---------- SUPPLIED MATERIAL ----------

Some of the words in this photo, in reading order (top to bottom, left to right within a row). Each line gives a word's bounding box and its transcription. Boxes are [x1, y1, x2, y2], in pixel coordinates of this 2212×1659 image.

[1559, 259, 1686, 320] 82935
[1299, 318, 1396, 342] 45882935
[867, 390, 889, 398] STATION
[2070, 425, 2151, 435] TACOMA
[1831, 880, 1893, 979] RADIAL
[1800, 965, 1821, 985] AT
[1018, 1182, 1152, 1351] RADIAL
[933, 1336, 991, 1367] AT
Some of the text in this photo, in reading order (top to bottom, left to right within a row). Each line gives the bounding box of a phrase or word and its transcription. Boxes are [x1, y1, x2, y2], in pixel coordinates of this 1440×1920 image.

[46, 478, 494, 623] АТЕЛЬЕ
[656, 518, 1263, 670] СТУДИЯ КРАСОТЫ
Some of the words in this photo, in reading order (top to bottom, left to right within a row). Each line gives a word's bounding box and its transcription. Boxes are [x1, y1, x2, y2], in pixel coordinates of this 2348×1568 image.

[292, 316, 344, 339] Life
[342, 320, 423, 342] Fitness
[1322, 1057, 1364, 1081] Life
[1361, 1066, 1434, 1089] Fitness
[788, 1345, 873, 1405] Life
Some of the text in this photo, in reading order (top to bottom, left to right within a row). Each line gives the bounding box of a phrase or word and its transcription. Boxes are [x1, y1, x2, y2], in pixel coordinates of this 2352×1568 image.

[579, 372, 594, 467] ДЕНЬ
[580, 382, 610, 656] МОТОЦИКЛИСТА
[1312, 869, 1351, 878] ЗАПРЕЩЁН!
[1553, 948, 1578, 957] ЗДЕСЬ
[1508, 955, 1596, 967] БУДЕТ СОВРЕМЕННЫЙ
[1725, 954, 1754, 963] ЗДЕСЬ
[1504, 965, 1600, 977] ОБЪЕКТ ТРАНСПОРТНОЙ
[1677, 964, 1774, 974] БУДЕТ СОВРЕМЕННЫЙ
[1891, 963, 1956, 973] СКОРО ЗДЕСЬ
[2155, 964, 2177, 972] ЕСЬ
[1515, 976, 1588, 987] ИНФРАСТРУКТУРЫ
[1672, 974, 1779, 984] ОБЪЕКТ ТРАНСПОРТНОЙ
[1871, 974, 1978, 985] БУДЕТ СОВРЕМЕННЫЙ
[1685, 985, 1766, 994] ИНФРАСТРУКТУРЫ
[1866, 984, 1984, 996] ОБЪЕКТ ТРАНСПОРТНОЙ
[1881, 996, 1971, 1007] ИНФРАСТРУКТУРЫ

----------

▶ _WHAT THE TASK REQUIRES_: Write down all the entries again without a single difference.

▶ _RESPONSE FOR THIS EXERCISE_:
Some of the words in this photo, in reading order (top to bottom, left to right within a row). Each line gives a word's bounding box and its transcription. Boxes are [x1, y1, x2, y2], in pixel coordinates of this 2212×1659 image.

[1559, 259, 1686, 320] 82935
[1299, 318, 1396, 342] 45882935
[867, 390, 889, 398] STATION
[2070, 425, 2151, 435] TACOMA
[1831, 880, 1893, 979] RADIAL
[1800, 965, 1821, 985] AT
[1018, 1182, 1152, 1351] RADIAL
[933, 1336, 991, 1367] AT
Some of the text in this photo, in reading order (top to bottom, left to right within a row). Each line gives the bounding box of a phrase or word and its transcription. Boxes are [x1, y1, x2, y2], in pixel coordinates of this 1440×1920 image.

[46, 478, 494, 623] АТЕЛЬЕ
[656, 518, 1263, 670] СТУДИЯ КРАСОТЫ
Some of the words in this photo, in reading order (top to bottom, left to right within a row). Each line gives a word's bounding box and its transcription. Boxes are [x1, y1, x2, y2], in pixel coordinates of this 2348×1568 image.

[292, 316, 344, 339] Life
[342, 320, 423, 342] Fitness
[1322, 1057, 1364, 1081] Life
[1361, 1066, 1434, 1089] Fitness
[788, 1345, 873, 1405] Life
Some of the text in this photo, in reading order (top to bottom, left to right within a row). Each line gives the bounding box of a phrase or word and its transcription. Boxes are [x1, y1, x2, y2], in pixel coordinates of this 2352×1568 image.

[579, 372, 594, 467] ДЕНЬ
[580, 382, 610, 656] МОТОЦИКЛИСТА
[1312, 869, 1351, 878] ЗАПРЕЩЁН!
[1553, 948, 1578, 957] ЗДЕСЬ
[1508, 955, 1596, 967] БУДЕТ СОВРЕМЕННЫЙ
[1725, 954, 1754, 963] ЗДЕСЬ
[1504, 965, 1600, 977] ОБЪЕКТ ТРАНСПОРТНОЙ
[1677, 964, 1774, 974] БУДЕТ СОВРЕМЕННЫЙ
[1891, 963, 1956, 973] СКОРО ЗДЕСЬ
[2155, 964, 2177, 972] ЕСЬ
[1515, 976, 1588, 987] ИНФРАСТРУКТУРЫ
[1672, 974, 1779, 984] ОБЪЕКТ ТРАНСПОРТНОЙ
[1871, 974, 1978, 985] БУДЕТ СОВРЕМЕННЫЙ
[1685, 985, 1766, 994] ИНФРАСТРУКТУРЫ
[1866, 984, 1984, 996] ОБЪЕКТ ТРАНСПОРТНОЙ
[1881, 996, 1971, 1007] ИНФРАСТРУКТУРЫ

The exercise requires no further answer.